В течении двух сот лет как Европейцы владеют Декканом, никто еще не вздумал описать остатки этой удивительной столицы, которой образованность сияла на всем пространстве между Кистной и мысом Коморином. Не более как три столетия назад она еще возбуждала зависть целой Азии, а между тем в этот короткий промежуток даже имя ее едва спаслось от забвения. Поселяне, которых встречаешь в окрестностях развалин, называют их общим именем старого города. За тридцать или сорок миль далее им придают без различия три названия, Анегунди, Вирупакша, и Гамни, то есть, имена трех бывших кварталов города.

«Вирупакша было также название самого замечательного из двух храмов, которые доселе существуют в нескольких шагах от южного берегу Томбудры, под 15° 14' северной широты и 76° 34' минуты долготы от гриничского меридиана. Он находился в самом центре города, который простирался от него по всем направлениям верст на осемь. Другой храм лежит не более как в четырех стах саженях на восток от первого, подле такого места, где река, круто поворачивая на север, пробивает себе шагов осемьсот пути между гранитных скал и потом опять продолжает [69] естественное течение на восток. Эти два памятника лучше всего сохранились посереди развалин, а между тем предание говорит, что они основаны гораздо ранее Виджаянагара. Первый из этих храмов посвящен Сиве, под именем Вирупакши; последний — Вишну, под именем Виталадевы или Рама-Шандры.

«Цезарь Фредерик, путешественник бывший в Виджаянагаре в половине шестнадцатого века, полагает окружность этого города верст в сорок. По собственным моим наблюдениям я полагаю гораздо больше и думаю, что путешественник говорил о которой-нибудь из внутренних стен, потому что Белальдеева укрепленная стена, которую можно отыскать на всем ее протяжении и которой триумфальные арки еще существуют, отстоит на восток, запад, юго-восток, юго-запад и север, повсюду верст на осемь от храма Вирупакши. Откуда ни посмотреть на эту стену, она кажется бесконечною и всегда представляется произведением гигантов. Она сложена из каменных глыб в тридцать футов длины, и десять ширины, так, что одной массы их достаточно для сохранения ее целости до конца веков. Внутренние стены, числом шесть, оставили гораздо менее следов, но, при внимании, их можно найти.

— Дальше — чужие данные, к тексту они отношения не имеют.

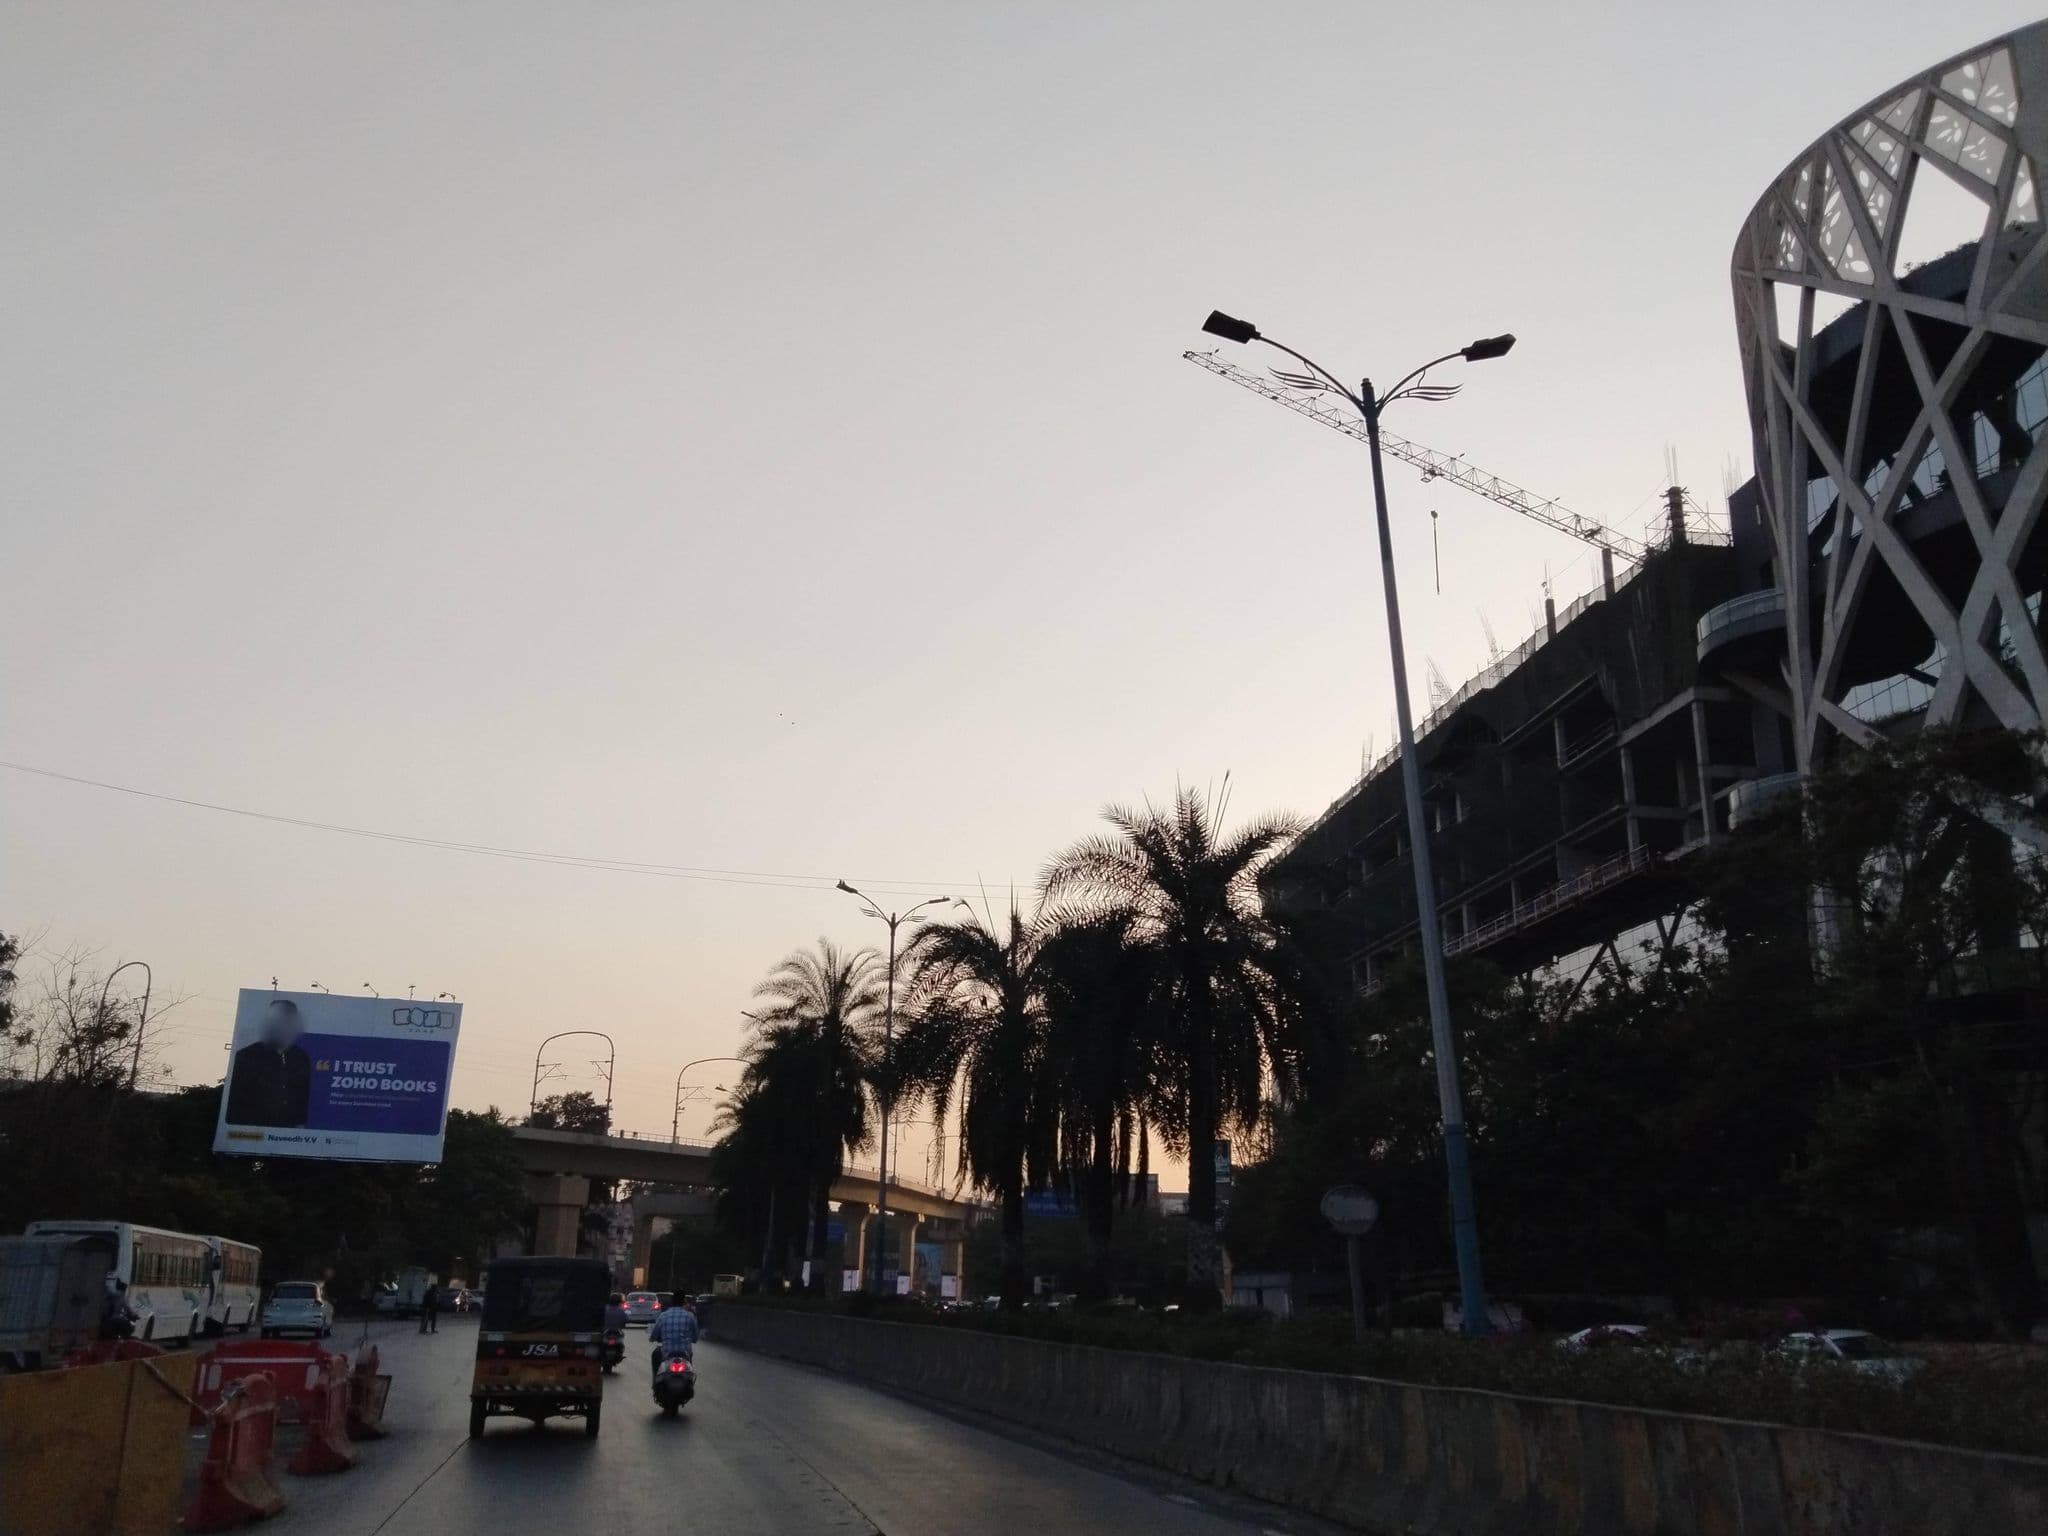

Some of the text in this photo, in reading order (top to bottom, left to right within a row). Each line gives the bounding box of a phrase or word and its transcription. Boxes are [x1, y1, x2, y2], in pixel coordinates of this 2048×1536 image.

[343, 1060, 397, 1075] TRUST
[331, 1076, 437, 1093] ZOHO BOOKS
[521, 1343, 560, 1356] JSA

«Шестиугольный город, расположенный на обоих берегах Томбудры, разделялся на различные кварталы, из которых каждый поочередно был седалищем владык. Кварталы эти получали особенная наименования или от царей династии или от местных обстоятельств. Их пределы и имена существуют большею частию до сих пор. Так на северном берегу находится квартал Апара, или Противоположный, в отношении к Вирупакше, а в двух верстах ниже, по тому же берегу, Анегунди. Имя это происходит от слов ане, слон, и гунде, площадь, потому что в этом квартале содержалась слоны, которых конюшни и теперь целы. В царствование двух братьев, Нарсинги и Кришна-Раджи, потомков Белальдео, здесь была резиденция старшего брата, который господствовал здесь исключительно. На южном берегу находятся кварталы, в [70] центре, Вирупакша, Витала-Раджа, где был другой храм, Ачиата и Кришна.

«Посереди развалин Анегунди и как бы нераздельно с ним живет человек, на которого грустно посмотреть: это — развалины царского поколения посереди развалин царства, это — молодой человек лет двадцати осьми, последний представитель и прямой потомок государей виджаянагарских. Несмотря на свое высокое происхождение, он не имеет ни какого состояния и все окружающее его находится в самом жалком положении. Однако ж он еще силится поддерживать некоторый призрак бывшего величия и, между прочими эмблемами уже не существующей власти, содержит одного слона для охоты и для торжественных случаев. Когда потомкам виджаянагарских государей замечают бесполезность этой издержки, они говорят, что надеются увидеть со временем перемену правительства в своей земле и что тогда права их возьмут верх над правами других индейских царских поколений; если же они откажутся от всех знаков царского достоинства, то их не почему будет отличить от толпы и имя их исчезнет так же, как почти уже исчезло имя их города. Молодой падший царевич развалин виджаянагарских пользуется от окружающих таким уважением, какое совместно с несчастием, всегда уважаемым в Индии.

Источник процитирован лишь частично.